1. 2. 3.
Above, from the left, the Left Front, the Back, and the Right Front. All are separately lined and link together with fabric-covered studs
at the shoulders and sides. It's wearable art: wear it or disassemble it and hang it on the wall, all together or separately. It's a stylistic feature of many
of my wearable-art waistcoats.
The waistcoat was commissioned by Greg Alexander, National Manager of Bernina Australia, for him to wear to the Gala Dinner at the Australasian Quilting Convention in
Melbourne in April, 2015. The theme was to be the Joker, though not Batman's Joker. Greg indicated that he didn't want the Joker to be a fool
(as in the Joker, the Jester, the Fool). He preferred the interpretation to be more sinister. I therefore tried to make the Joker "dolls" on the vest fronts
look as if they might know something to the disadvantage of the person looking at them.

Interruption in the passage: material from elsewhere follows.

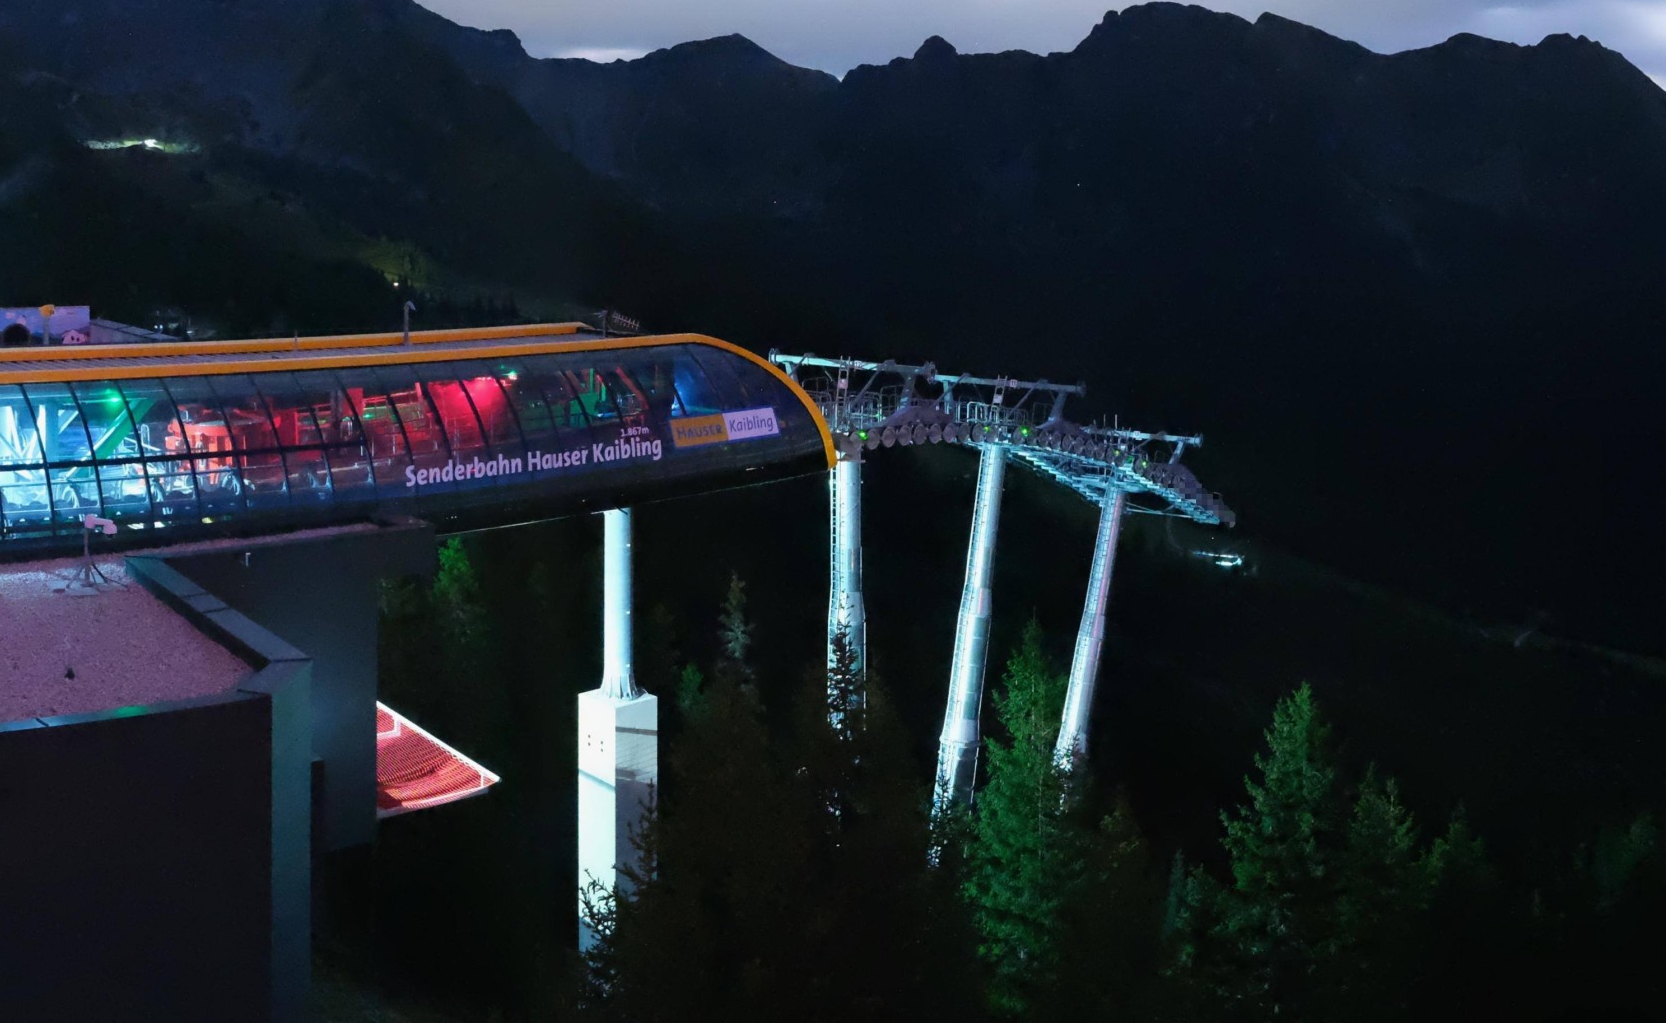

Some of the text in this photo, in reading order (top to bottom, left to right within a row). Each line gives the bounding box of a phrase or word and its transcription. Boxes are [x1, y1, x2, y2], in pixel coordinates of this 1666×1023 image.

[728, 415, 774, 433] Kaibling
[405, 436, 663, 487] Senderbahn Hauser Kaibling

The fronts feature the rattles carried by Jesters, featuring jesters' heads. The heads are on rods. They are in motley (jester's or clown's
costumes) and the faces are embroidered to look as if they are painted (with makeup), The headdress designs are the result of my research.
The one on the Left Front is based on one in a nineteenth-century painting of a jester. His head is not on fire! That represents a rooster's comb
(roosters being associated with loud, impertinent strutting and posturing). The hood on the Right Front is based on one in a mediaeval illuminated
manuscript. It features ass's ears. The symbolism is clear and unambiguous.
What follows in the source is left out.